◆ To do
Each record that follows goes into your reply unchanged; the pictures do not.

(Stored dataset items)
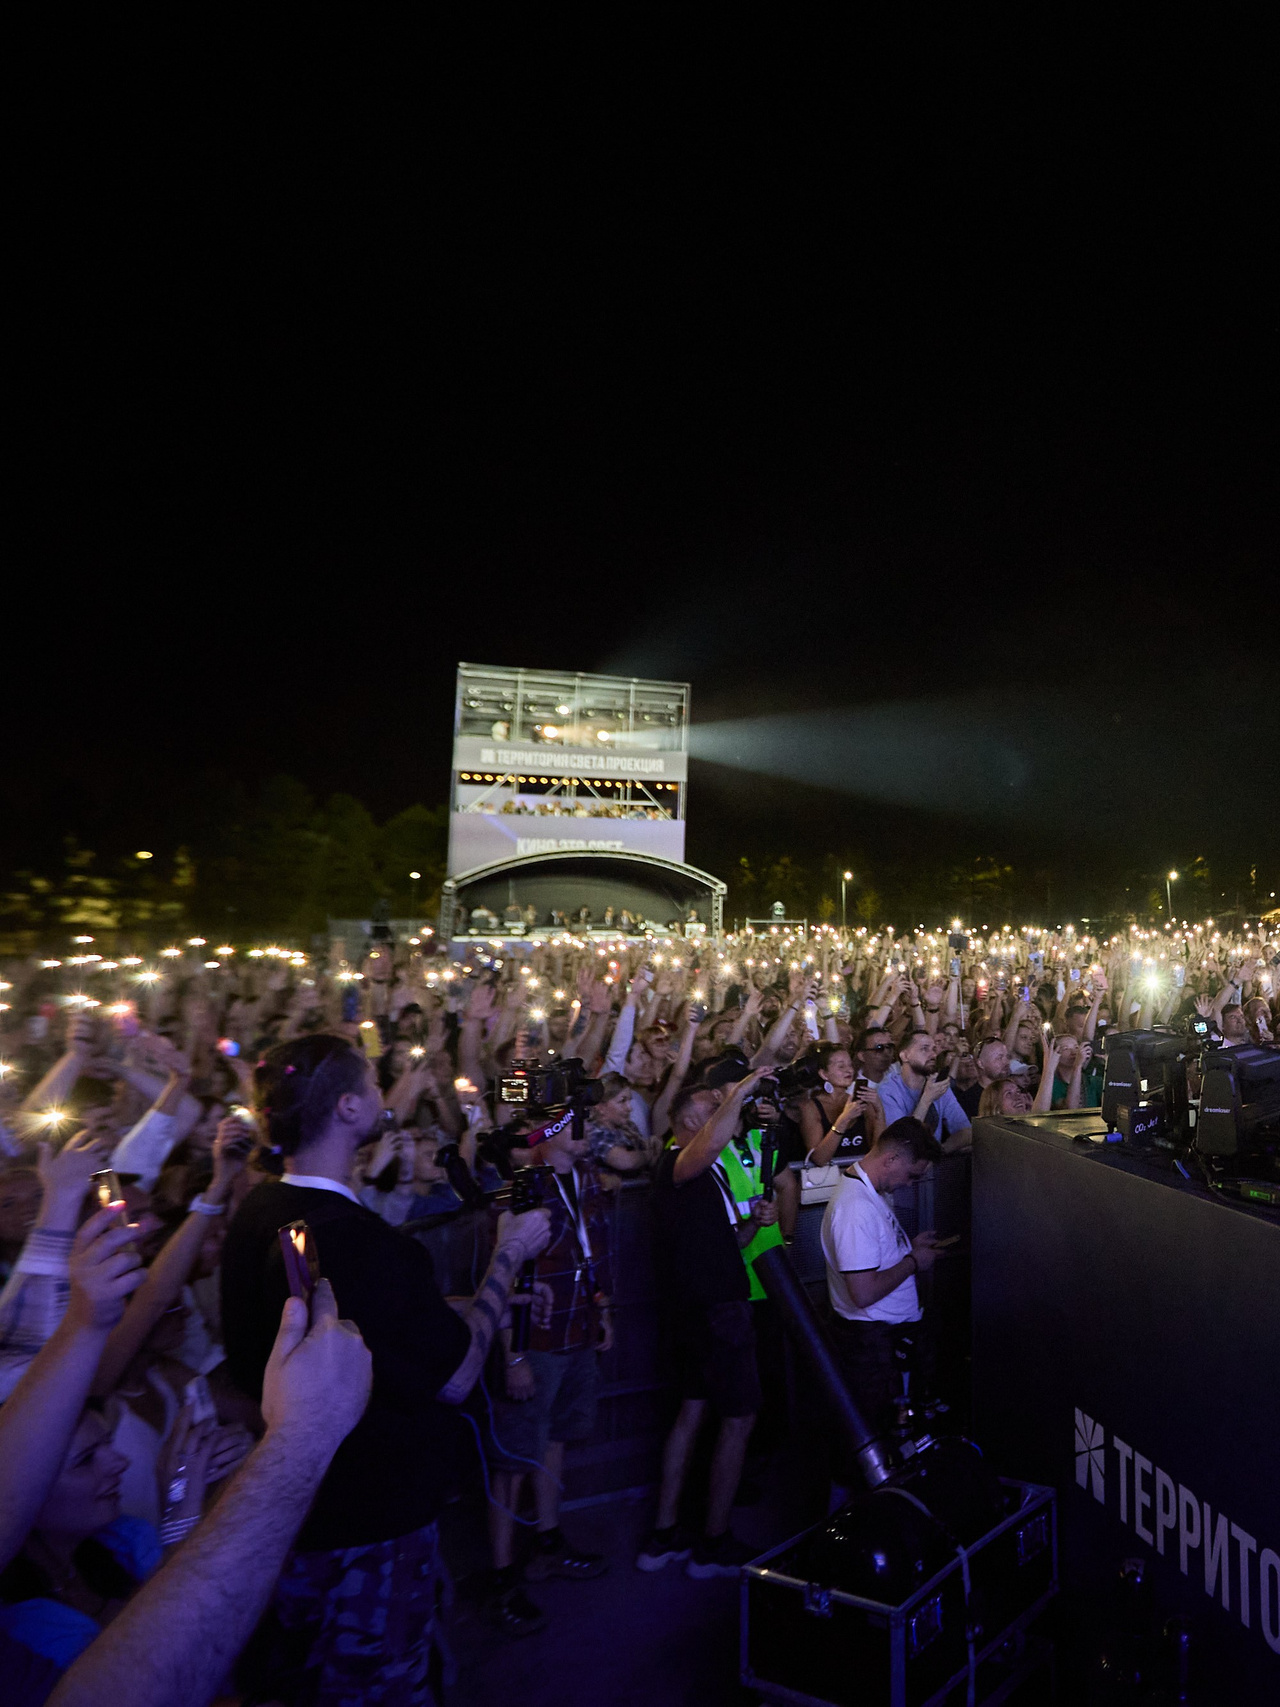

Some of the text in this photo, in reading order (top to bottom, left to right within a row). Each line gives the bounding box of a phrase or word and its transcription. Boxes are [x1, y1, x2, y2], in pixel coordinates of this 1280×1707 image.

[497, 749, 665, 774] ТЕРРИТОРИЯ СВЕТА ПРОЕКЦИЯ
[544, 1109, 575, 1138] RONIN
[841, 1135, 863, 1147] &G
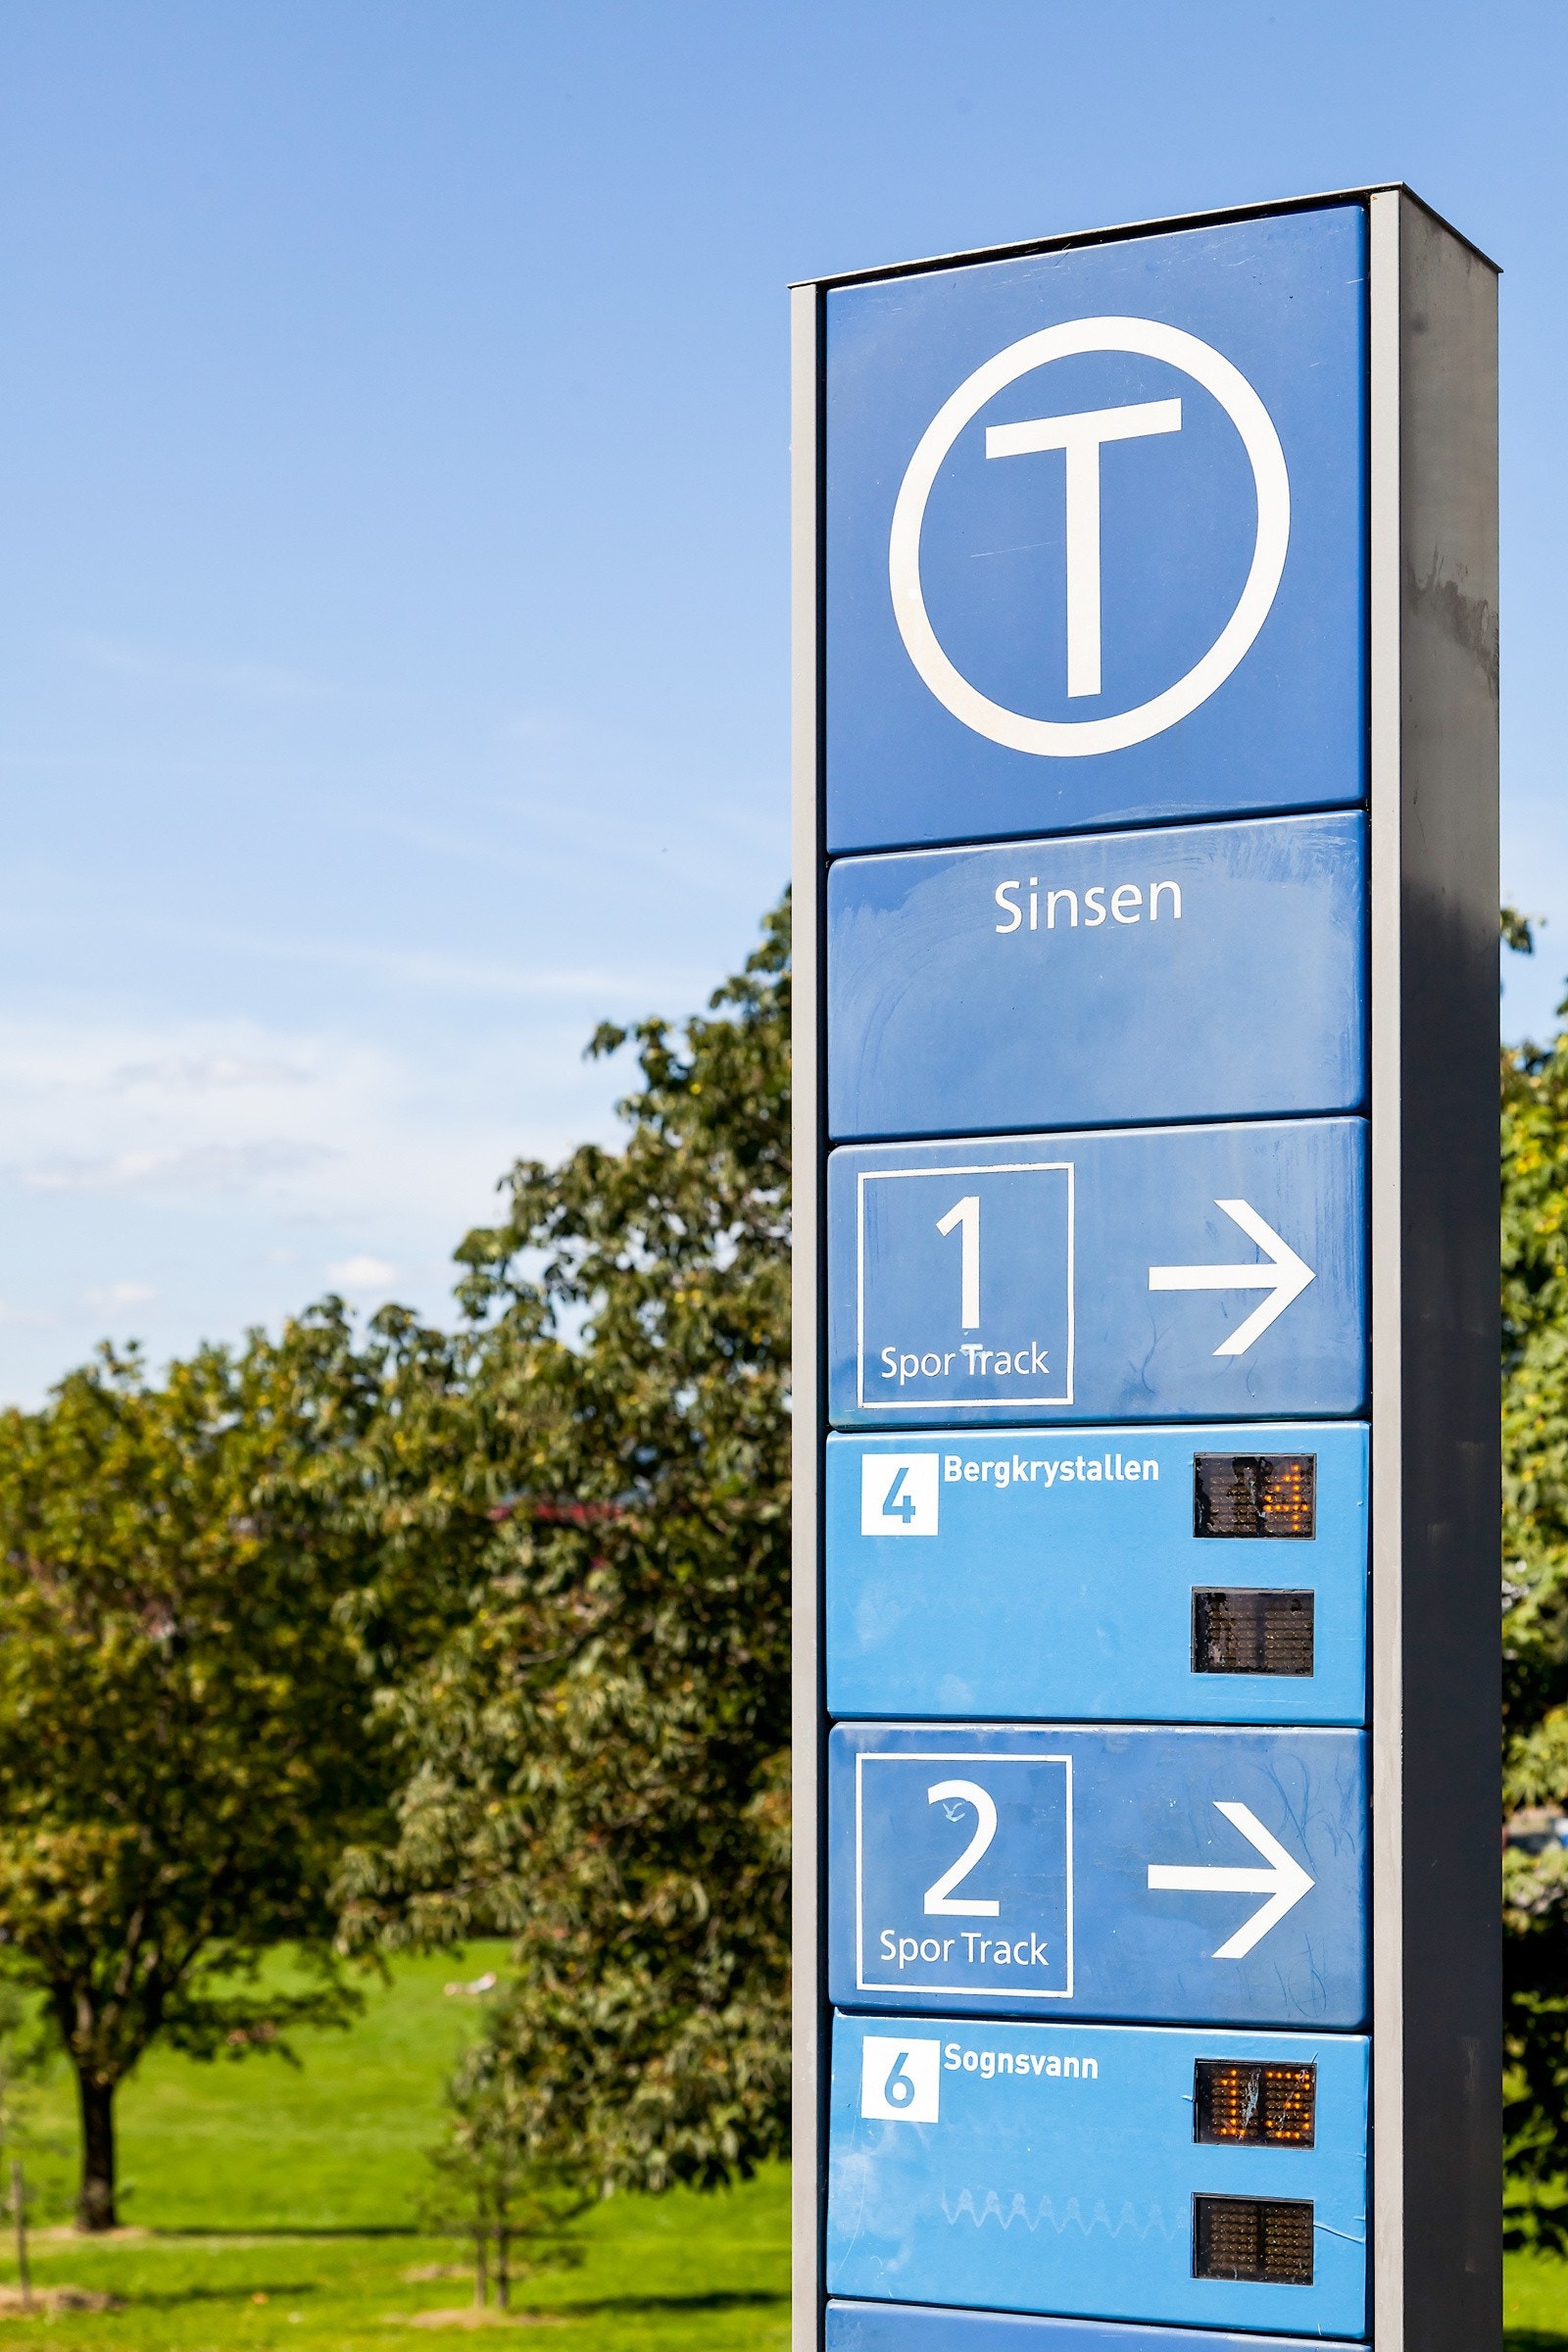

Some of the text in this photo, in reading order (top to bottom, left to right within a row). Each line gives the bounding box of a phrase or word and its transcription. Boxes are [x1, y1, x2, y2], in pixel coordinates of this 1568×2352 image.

[985, 398, 1182, 698] T
[994, 877, 1183, 936] Sinsen
[935, 1196, 980, 1329] 1
[880, 1341, 1050, 1386] Spor Track
[881, 1467, 916, 1524] 4
[944, 1454, 1159, 1489] Bergkrystallen
[1263, 1464, 1309, 1531] 4
[923, 1780, 1000, 1917] 2
[880, 1930, 1049, 1969] Spor Track
[883, 2052, 915, 2108] 6
[944, 2043, 1099, 2082] Sognsvann
[1220, 2069, 1310, 2138] 13
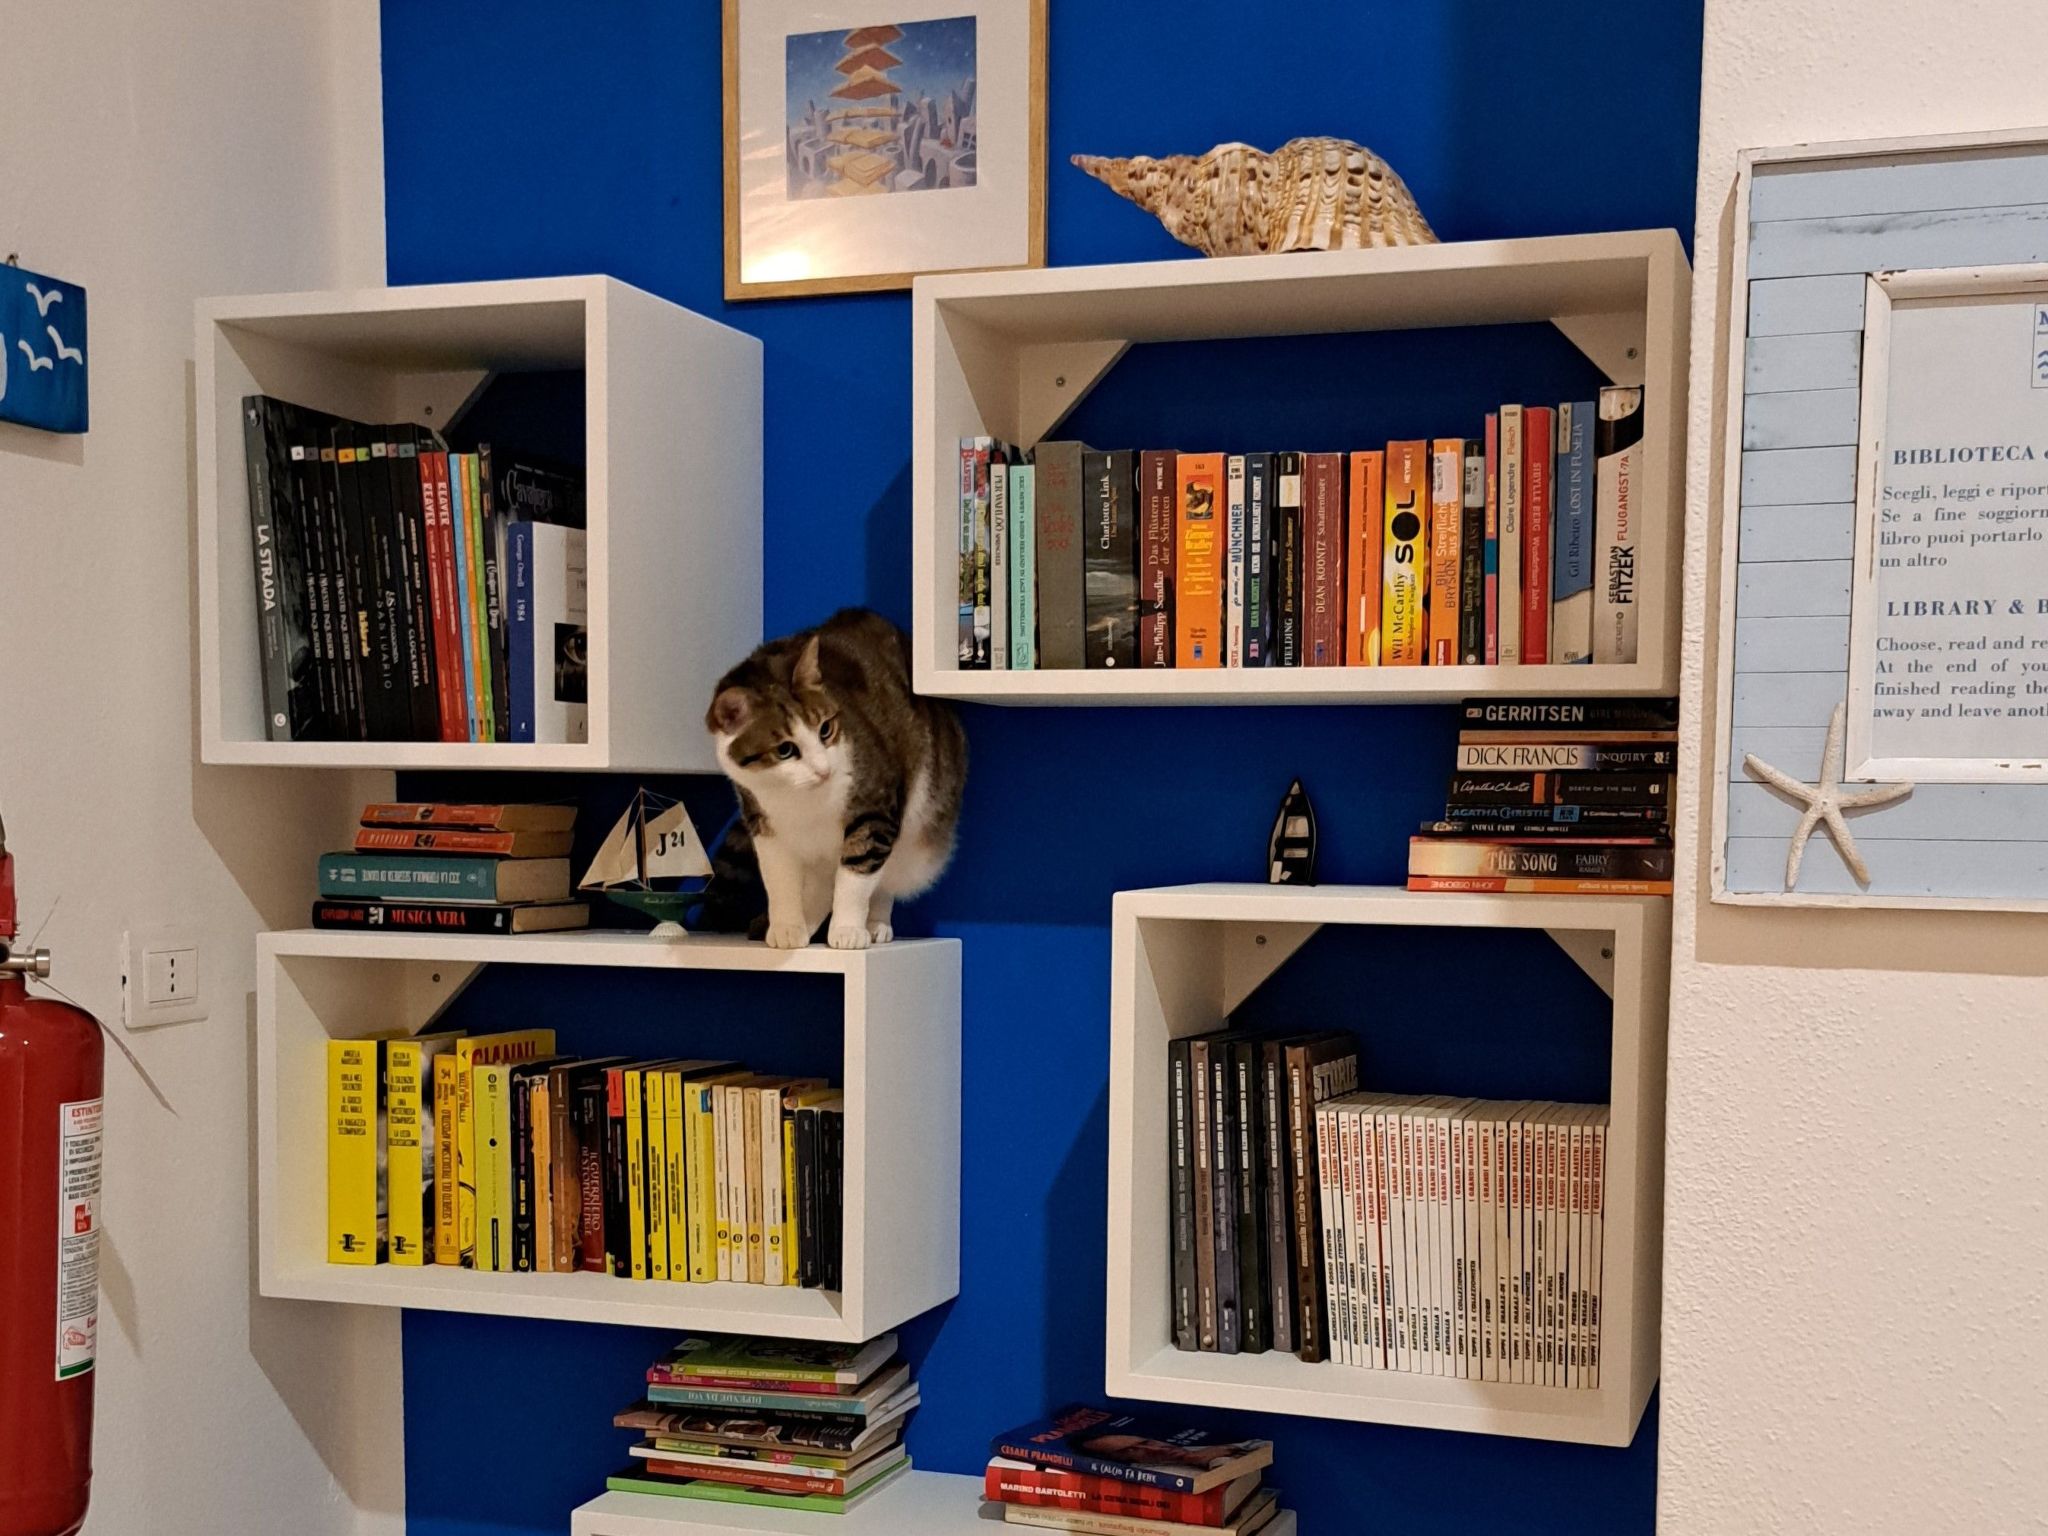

◆ Written response
Some of the text in this photo, in reading order (top to bottom, left to right within a row). Each line gives the bounding box of a phrase or word and its transcription. Boxes are [x1, y1, x2, y2], in pixel coordinates of this 1280×1707 image.

[497, 749, 665, 774] ТЕРРИТОРИЯ СВЕТА ПРОЕКЦИЯ
[544, 1109, 575, 1138] RONIN
[841, 1135, 863, 1147] &G

Some of the text in this photo, in reading order (top to bottom, left to right within a row). Each line gives the bounding box of a phrase or word and its transcription. Boxes are [x1, y1, x2, y2], in pixel coordinates of this 1568×2352 image.

[985, 398, 1182, 698] T
[994, 877, 1183, 936] Sinsen
[935, 1196, 980, 1329] 1
[880, 1341, 1050, 1386] Spor Track
[881, 1467, 916, 1524] 4
[944, 1454, 1159, 1489] Bergkrystallen
[1263, 1464, 1309, 1531] 4
[923, 1780, 1000, 1917] 2
[880, 1930, 1049, 1969] Spor Track
[883, 2052, 915, 2108] 6
[944, 2043, 1099, 2082] Sognsvann
[1220, 2069, 1310, 2138] 13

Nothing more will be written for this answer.